Was this explanation strictly necessary, from a legal perspective? Perhaps not; again, Mungia concurred in the outcome of the case, along with his eight colleagues. But he argued that writing separately mattered for different reasons: “Each time a court cites a case that has as its foundation such racist fallacies, it is incumbent on us to call out that racism, even if just in a footnote,” he wrote; readers, he said, should have no “doubt that the current court disavows, and condemns, those racist sentiments, beliefs, and statements.”
Mungia’s concurrence is noteworthy for two main reasons. First (and unlike many judges), he used it to speak out for Native rights.
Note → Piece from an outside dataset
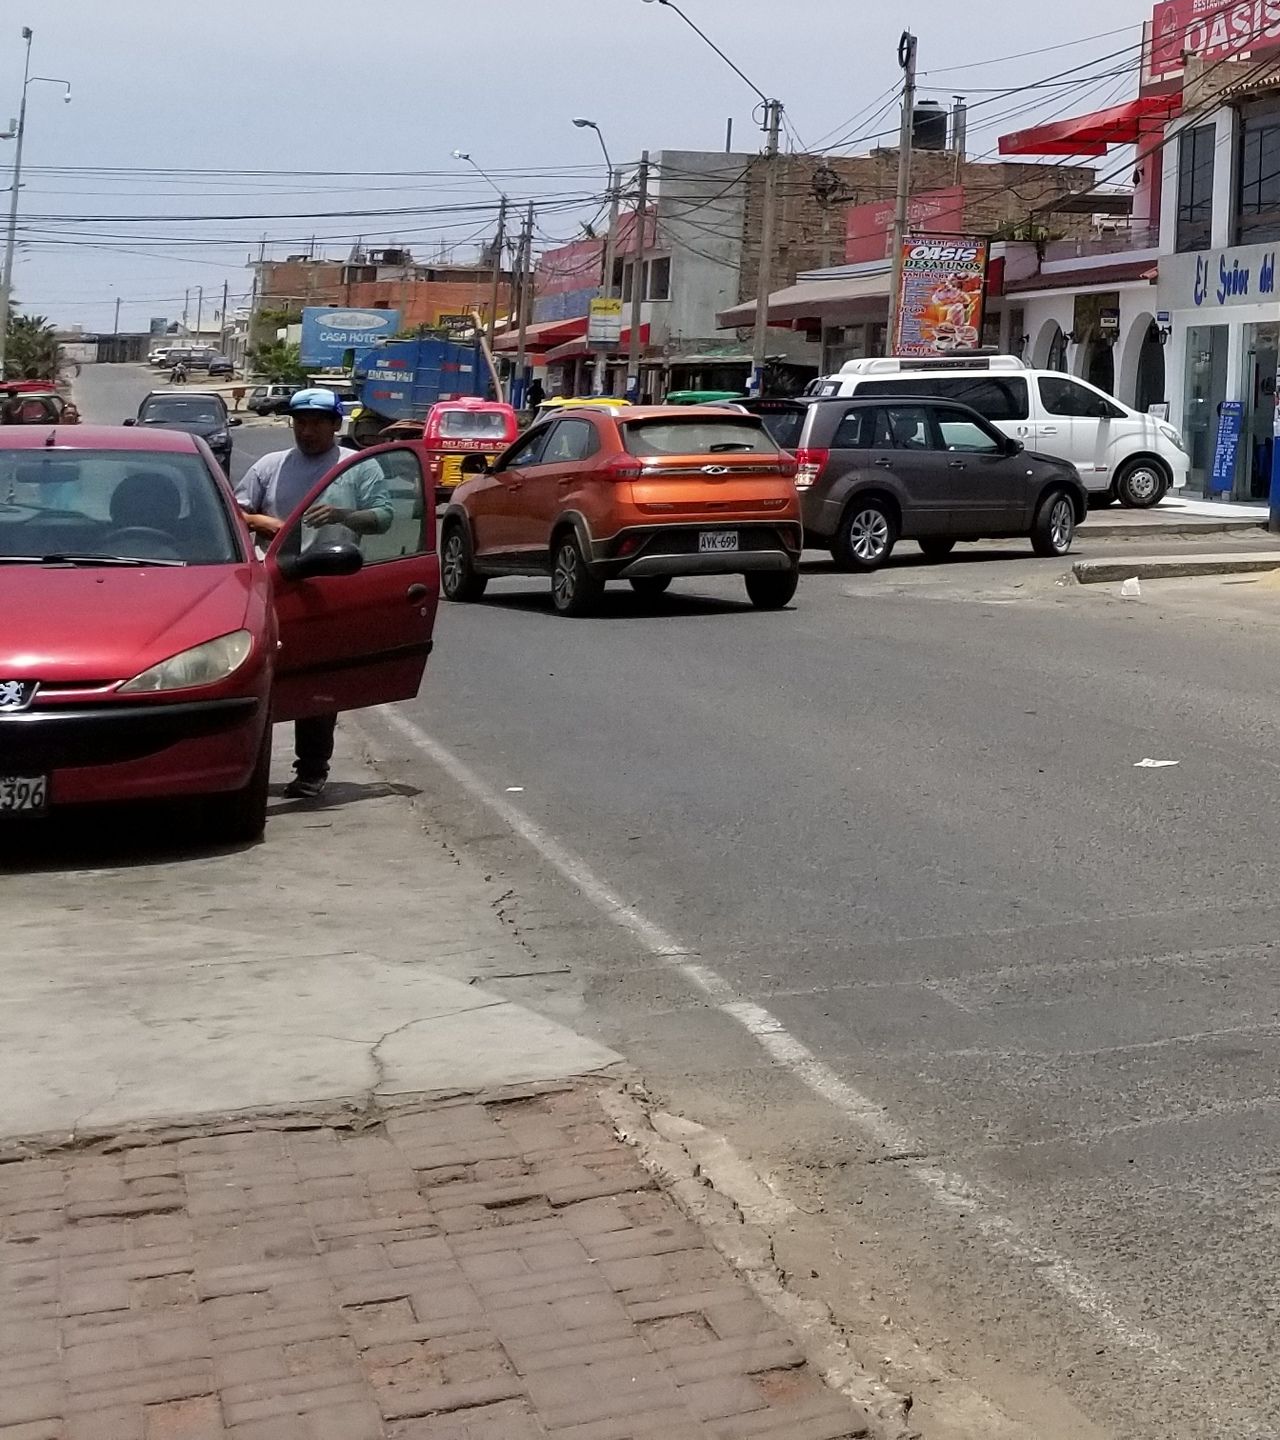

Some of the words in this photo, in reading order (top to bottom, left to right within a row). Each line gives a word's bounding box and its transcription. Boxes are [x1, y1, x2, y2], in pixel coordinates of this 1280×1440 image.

It is probably not a coincidence that Mungia filed this opinion on the Friday before the federal Columbus Day holiday, which many states recognize as Indigenous Peoples’ Day.
Second (and unlike many judges, again), Mungia recognized that the legal system has many shortcomings which judges are in a unique position to challenge. “While we are bound by United States Supreme Court precedent, we are not bound to stay silent as to the underlying racism and prejudices that are woven into the very fabric of those opinions,” he said. “Instead, every chance we get, we must clearly, loudly, and unequivocally state that was wrong.” Flying T Ranch v. Stillaguamish Tribe of Indians was one such chance.